Monday, May 4, 2009

Incident at TippyCanoe

When Roy and I entered the TippyCanoe with Wantu, and the two men at the bar turned and laughed, and the red nosed man said to Wantu, "Puberty can be hell!" and they both fell into laughter. Well, I remember Wantu staring and smiling, like a true imbecile, enjoying the laughter. But Roy, protective of the little guy, noticed the nametag hanging from the comic's neck and said, "Hey Digby. I don't know if you were notified, but all rights to humor at the expense of others were revoked when you were born. Because your name is Digby. Dig. By. You see? Your mother marked you, so that all would know that you are to be the butt, the brunt, the laughing stock--the Digby that causes women to twitter at the sound of your name and then continue walking."

Then Digby rose from his stool in a threatening manner and the air went stiff and I thought Roy was going to suffer violence, when Wantu suddenly stepped forward and hugged Digby's leg. He hugged and continued hugging until Digby went from shock, to embarrassment, to tears.
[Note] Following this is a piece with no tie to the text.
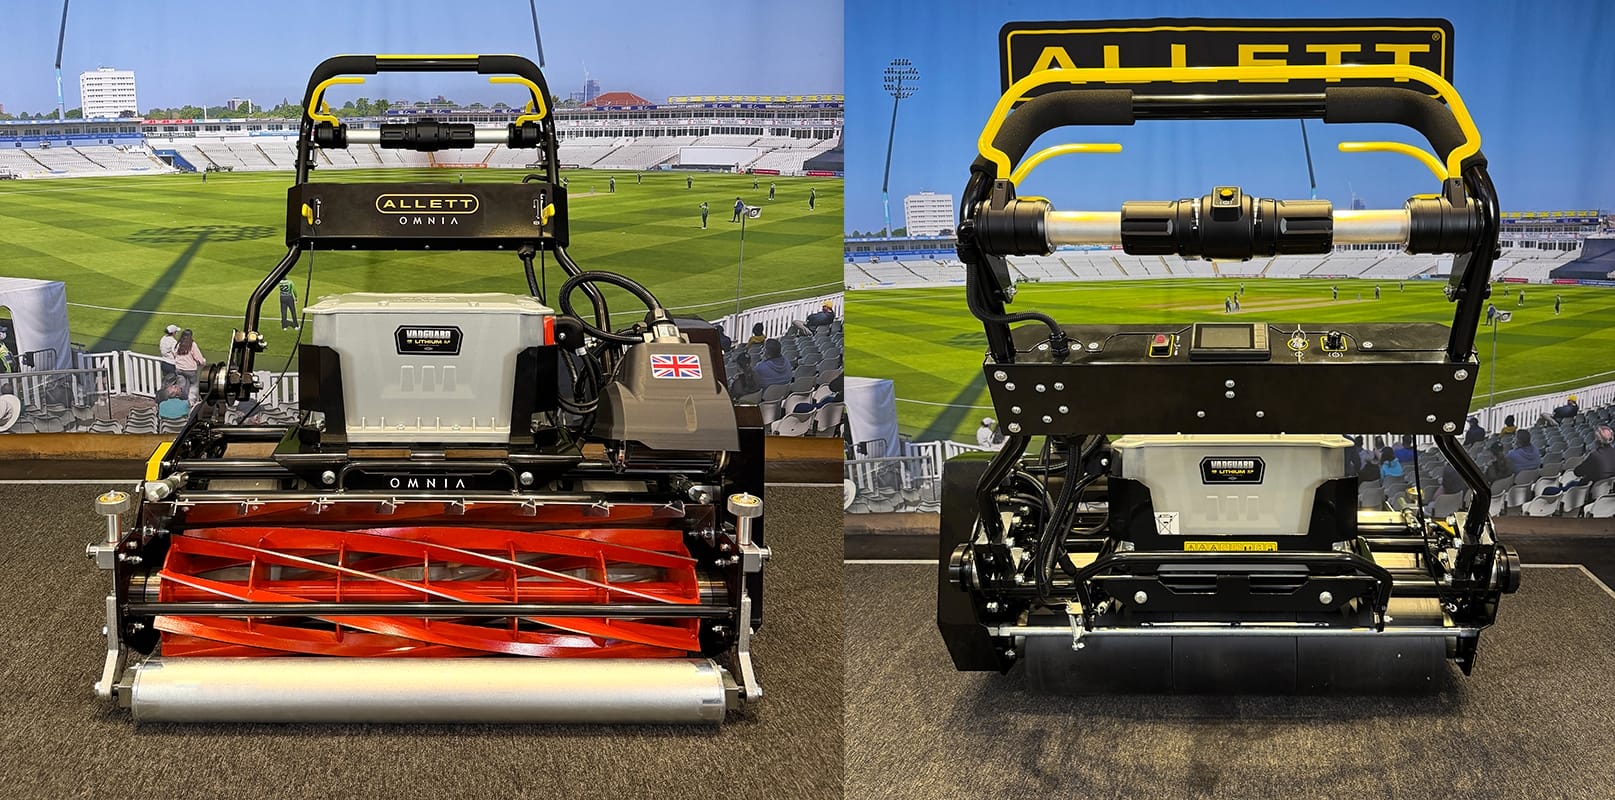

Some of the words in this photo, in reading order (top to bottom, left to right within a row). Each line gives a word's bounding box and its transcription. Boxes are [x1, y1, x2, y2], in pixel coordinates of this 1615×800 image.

Roy apologized, careful not to repeat Digby's name, and we took a table and ordered three O'Doul's premium non-alcholic beers while the pigeon stared at us through the streetside window.

1 comment:

  1. On behalf of humanity, please stop this ridiculous attempt at writing or preaching or whatever you are trying to do. You are taking up precious internet memory. You have inspired me to convince all the idiots on Myspace and Facebook all the dumbshit websites to shut the F up. "My favorite band is Depeche Mode" "I just read Twilight and loved it" "I like classic movies" Who the hell cares? Such a waste of energy. Get off your f-ing computer and do something. Anything. Help somebody. Stop whining. Can't you see I'm your only reader and I hate this blog and I hate you.